**DATA SUPPLIED**.
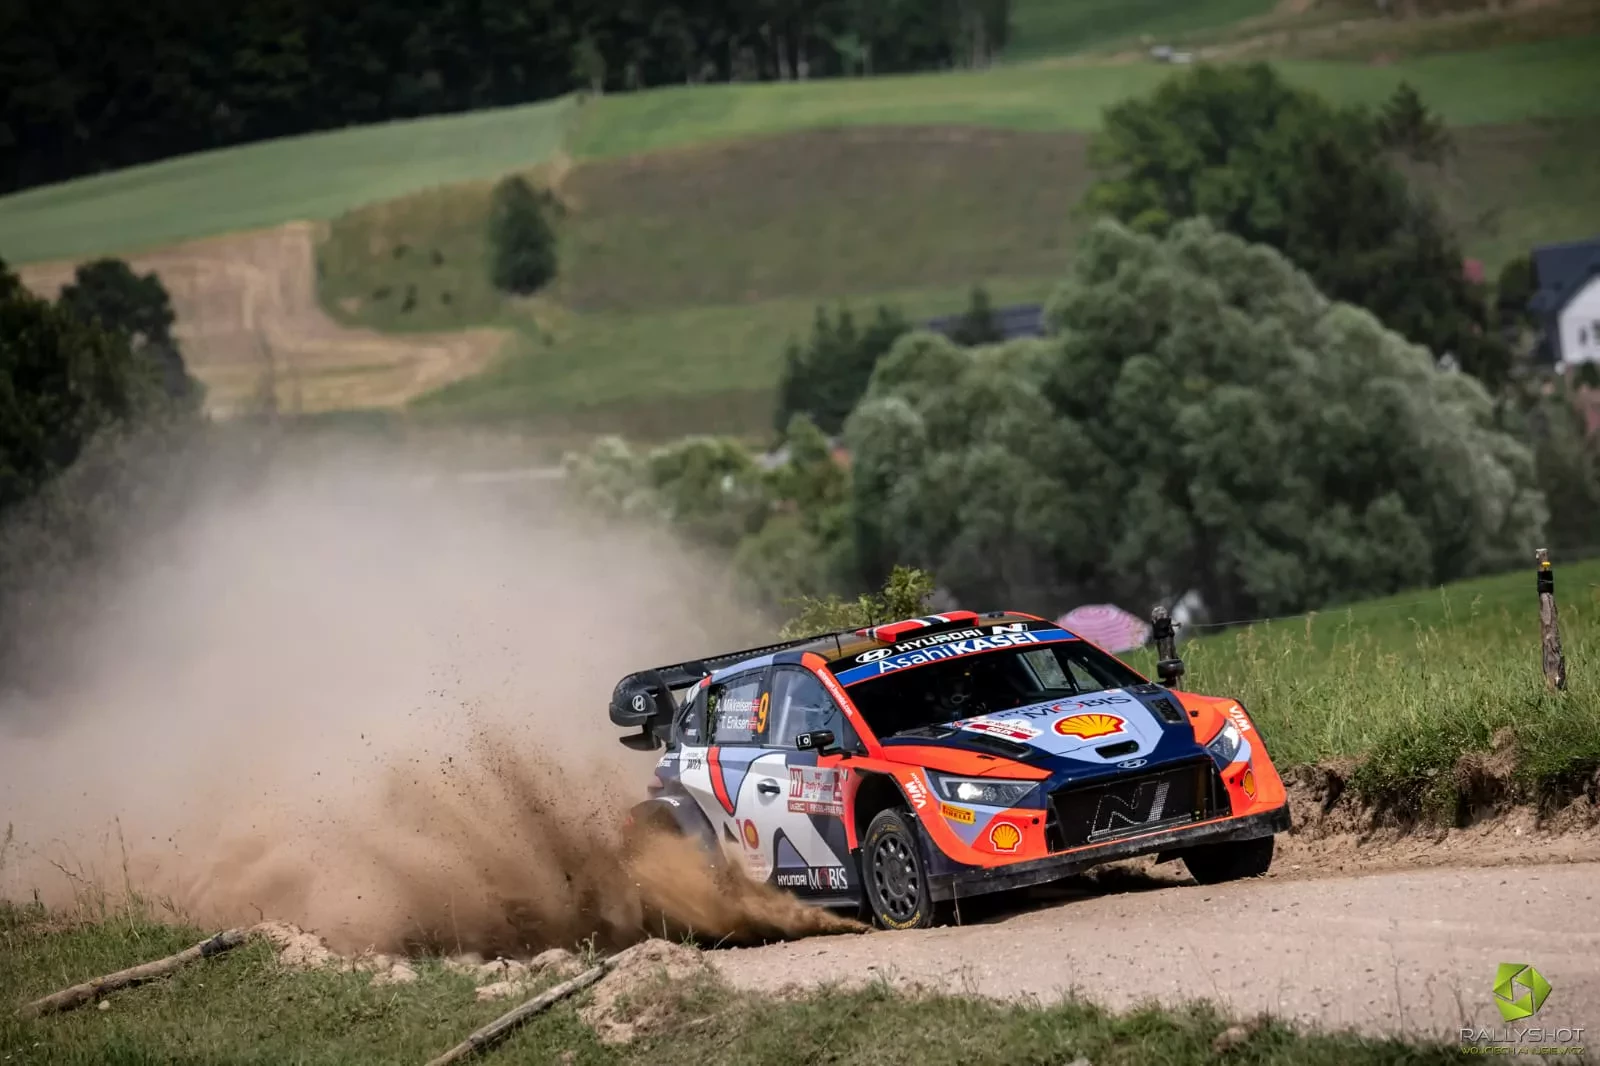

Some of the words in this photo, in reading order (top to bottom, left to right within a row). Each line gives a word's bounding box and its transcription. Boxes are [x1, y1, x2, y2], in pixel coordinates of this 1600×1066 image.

[895, 629, 985, 652] HYUNDAI
[878, 631, 1040, 674] AsahiKASEI
[723, 698, 752, 712] Mikkelsen
[757, 692, 769, 734] 9
[1023, 696, 1132, 719] MOBIS
[727, 716, 750, 729] Eriksen
[942, 804, 972, 821] PIRELLI
[777, 874, 808, 886] HYUNDAI
[808, 867, 848, 890] MOBIS
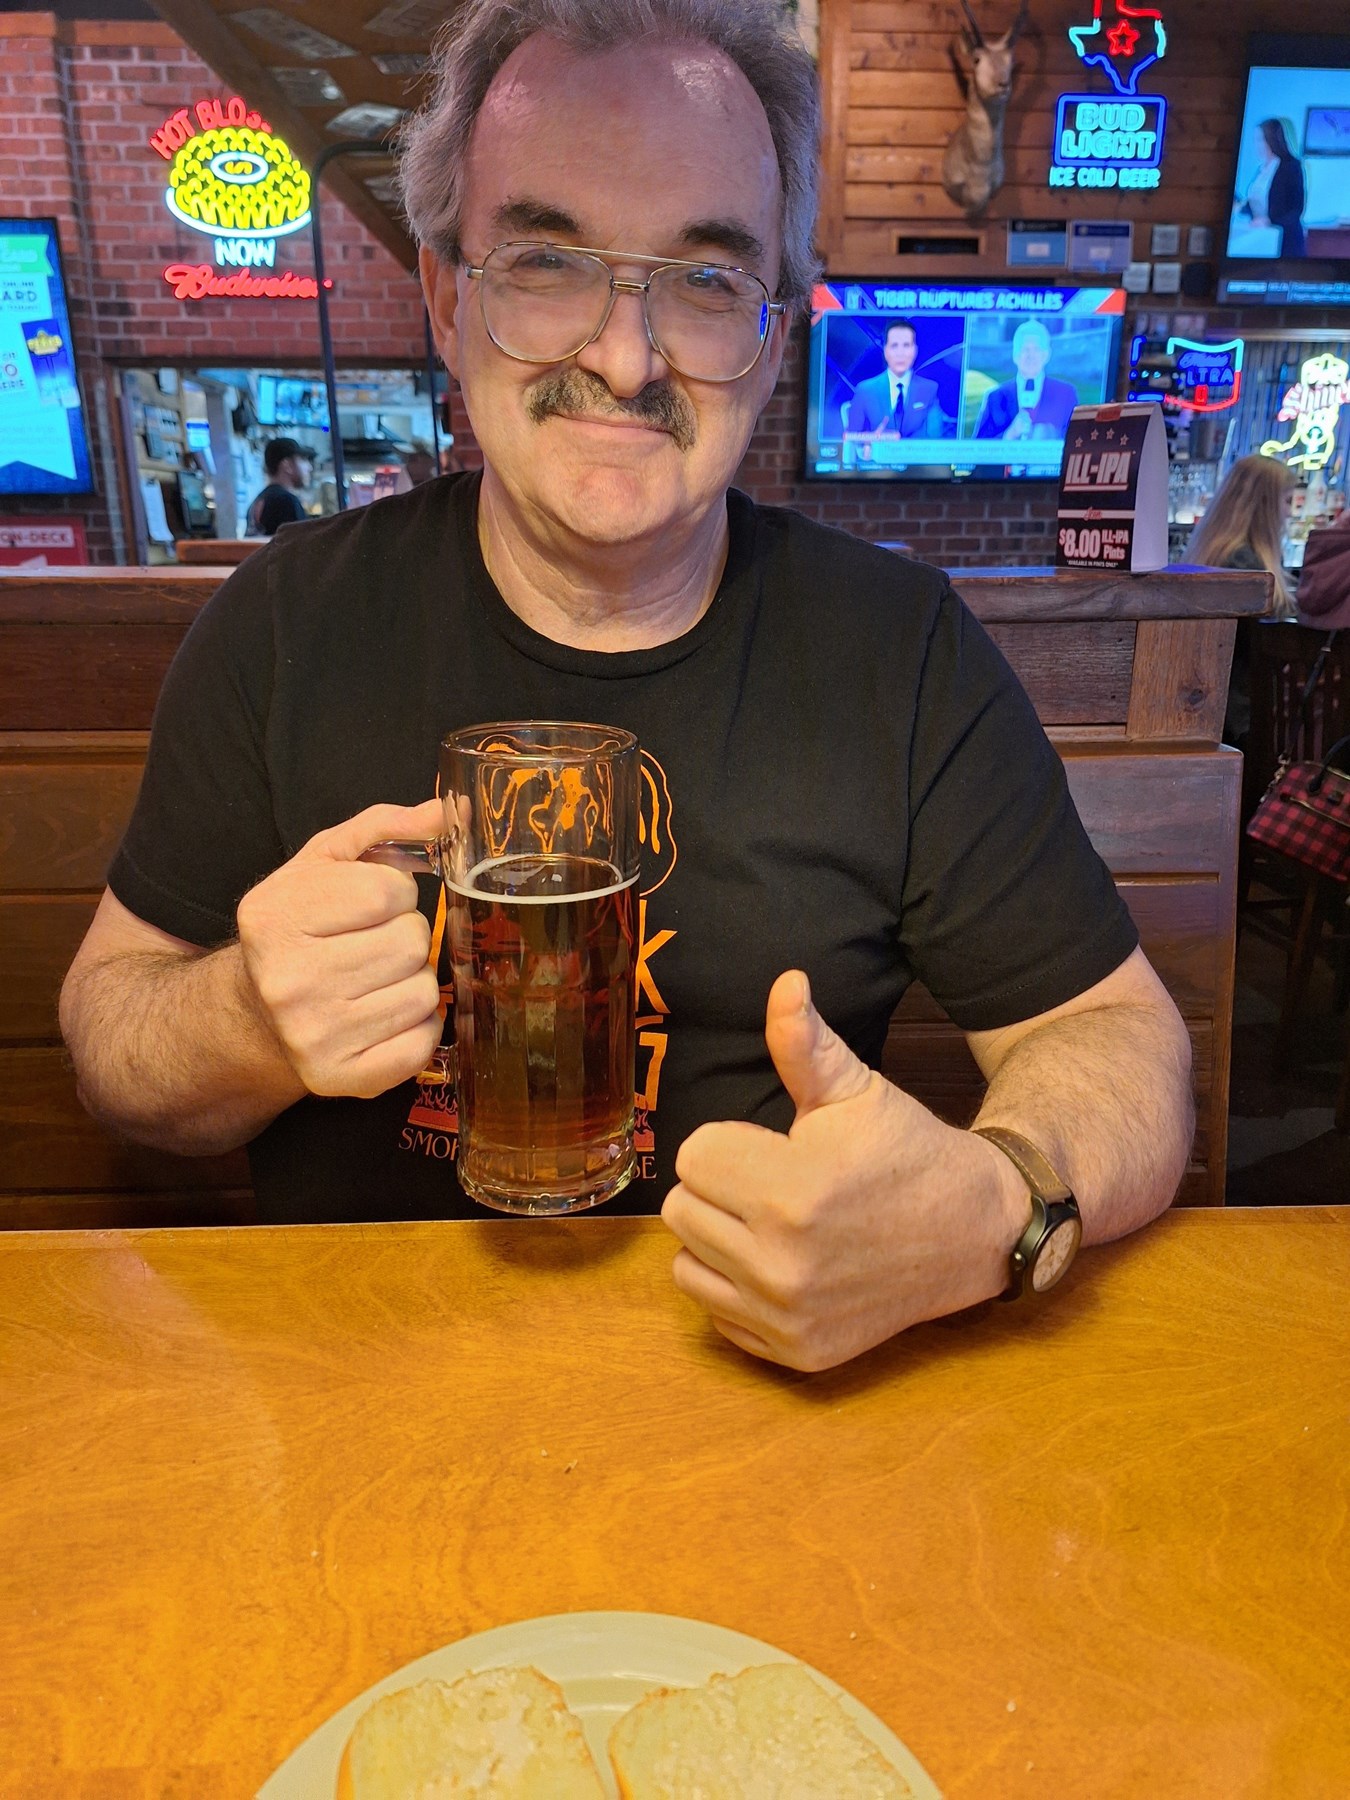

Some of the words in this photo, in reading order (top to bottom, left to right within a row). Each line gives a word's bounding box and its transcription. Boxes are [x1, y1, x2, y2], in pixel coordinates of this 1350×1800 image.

[1076, 102, 1146, 131] BUD
[150, 108, 195, 160] HOT
[1060, 129, 1157, 159] LIGHT
[1049, 166, 1077, 187] ICE
[1077, 167, 1117, 188] COLD
[1118, 168, 1161, 188] BEER
[214, 237, 276, 267] NOW
[874, 289, 917, 308] TIGER
[918, 290, 995, 309] RUPTURES
[996, 291, 1065, 310] ACHILLES
[1065, 450, 1132, 484] ILL-IPA
[1059, 527, 1101, 559] $8.00
[1101, 529, 1130, 544] ILL-IPA
[1103, 545, 1126, 560] Pints

**WHAT IS BEING ASKED**. The whole of the data above needs retyping exactly, with pictures omitted.

**WRITTEN REPLY**.
Some of the words in this photo, in reading order (top to bottom, left to right within a row). Each line gives a word's bounding box and its transcription. Boxes are [x1, y1, x2, y2], in pixel coordinates of this 1600×1066 image.

[895, 629, 985, 652] HYUNDAI
[878, 631, 1040, 674] AsahiKASEI
[723, 698, 752, 712] Mikkelsen
[757, 692, 769, 734] 9
[1023, 696, 1132, 719] MOBIS
[727, 716, 750, 729] Eriksen
[942, 804, 972, 821] PIRELLI
[777, 874, 808, 886] HYUNDAI
[808, 867, 848, 890] MOBIS

Some of the words in this photo, in reading order (top to bottom, left to right within a row). Each line gives a word's bounding box and its transcription. Boxes are [x1, y1, x2, y2], in pixel coordinates of this 1350×1800 image.

[1076, 102, 1146, 131] BUD
[150, 108, 195, 160] HOT
[1060, 129, 1157, 159] LIGHT
[1049, 166, 1077, 187] ICE
[1077, 167, 1117, 188] COLD
[1118, 168, 1161, 188] BEER
[214, 237, 276, 267] NOW
[874, 289, 917, 308] TIGER
[918, 290, 995, 309] RUPTURES
[996, 291, 1065, 310] ACHILLES
[1065, 450, 1132, 484] ILL-IPA
[1059, 527, 1101, 559] $8.00
[1101, 529, 1130, 544] ILL-IPA
[1103, 545, 1126, 560] Pints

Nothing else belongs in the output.